Stuart McClay Smith October 15, 2012 at 07:37 PM
I was an avid road cyclist in Texas before moving to Malibu. I took one look at PCH and said "no way!". The problem, as I see it, is the combination of 60mph speeds, parallel parking along the beach, and bicycles. One of those factors needs to go. I know the roadside parking issue is also a beach access issue and the Coastal Commission seems much more focused on access than on safety. I've never actually seen that written, but it seems to be the case. Are we willing to accept an ENFORCED 35 mph speed limit? Probably not. So, the bikes have to go. Tens of thousands of bikers live in LA and they have very few choices of suitable roads. Road bikers need many miles of relatively level asphalt and a minimum number of cross streets. Although PCH is dangerous I'm not sure where else to send them. Me, I bought a mountain bike and really enjoy the various fire roads and trails throughout the Santa Monica mountains.

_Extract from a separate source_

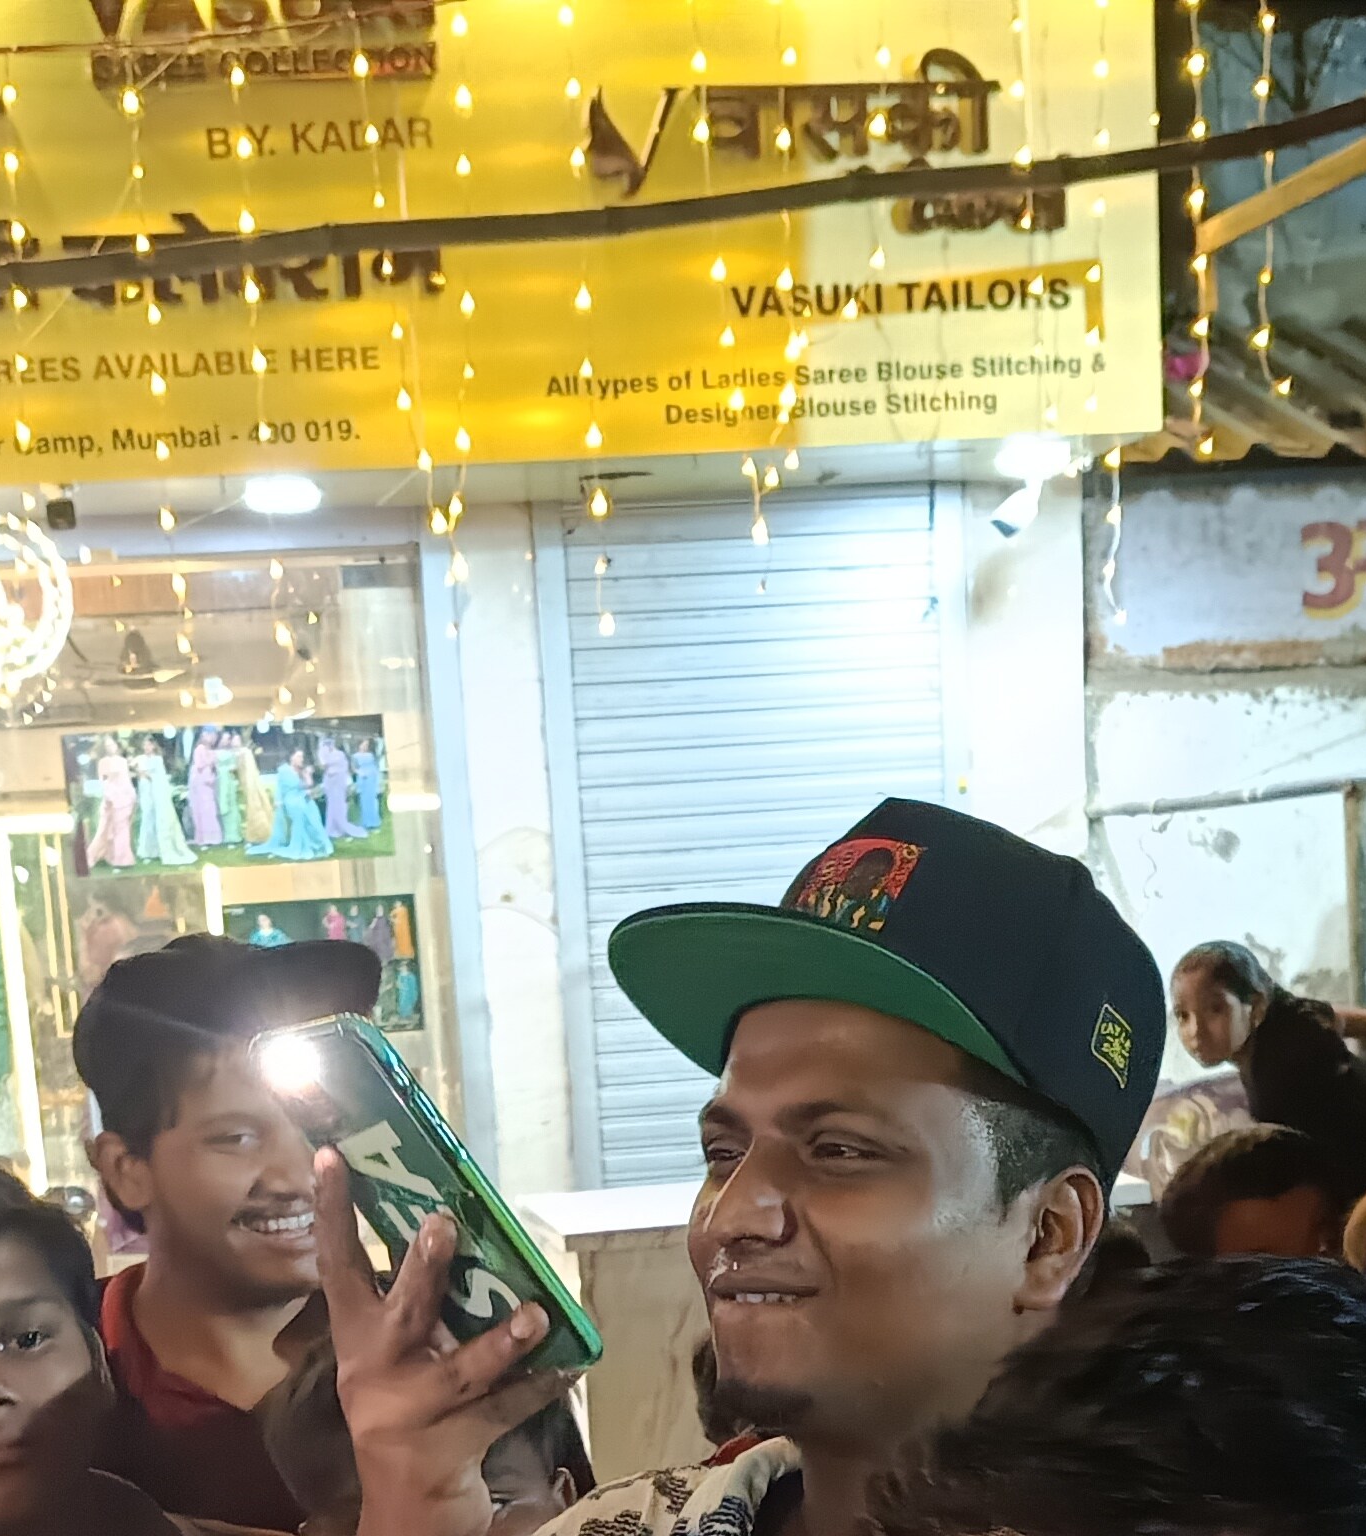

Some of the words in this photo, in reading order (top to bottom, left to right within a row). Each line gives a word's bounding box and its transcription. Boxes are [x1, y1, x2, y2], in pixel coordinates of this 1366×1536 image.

John October 15, 2012 at 07:44 PM
There is no bike lane on PCH in that area and she has the right to the full use of the lane. It sounds like the bus driver overtook her when it was not safe, obviously. No matter where the blame lies, it really stinks that she lost her life. So sad and my heart goes out to her loved ones.
saddened October 15, 2012 at 08:02 PM
Years ago I joined Team n Training. I remember I wouldn't do the rides on PCH because I was petrified of the road. There isn't enough space on the road for anything other than the cars, but that is just my opionion. I just felt it was so dangerous. Laws, no laws, it's not very safe. What an awful tragedy. My prayers are with her family.
Saddened October 15, 2012 at 09:53 PM
Saddened at the loss of a teammate, mentor to some and a friend to all. May her death not be in vain. Every time we ride on PCH, we are putting our lives at risk. After the news, I was stunned, shocked and questioning why this had to happen to such a beautiful spirit. I hope that we as cyclist as TNT family can find ways to not let this unfortunate accident be in vain. I also hope we can find other ways to get in our hills and distance rides instead of PCH.
Diane TK October 16, 2012 at 02:48 AM
My family and I drove by the accident on Saturday and were so very saddened. I live in Michigan and felt extremely vulnerable driving around LA. I continually observed almost all drivers going way over the speed limit, tail-gaiting, passing with little room between cars, texting and driving,,,,,,,,,,,,all so dangerous. I certainly don't know the circumstances of this accident and I am not blaming anyone. I pray that drivers will be more respectful and hopefully reduce injuries and death. California is so beautiful, slow down and enjoy.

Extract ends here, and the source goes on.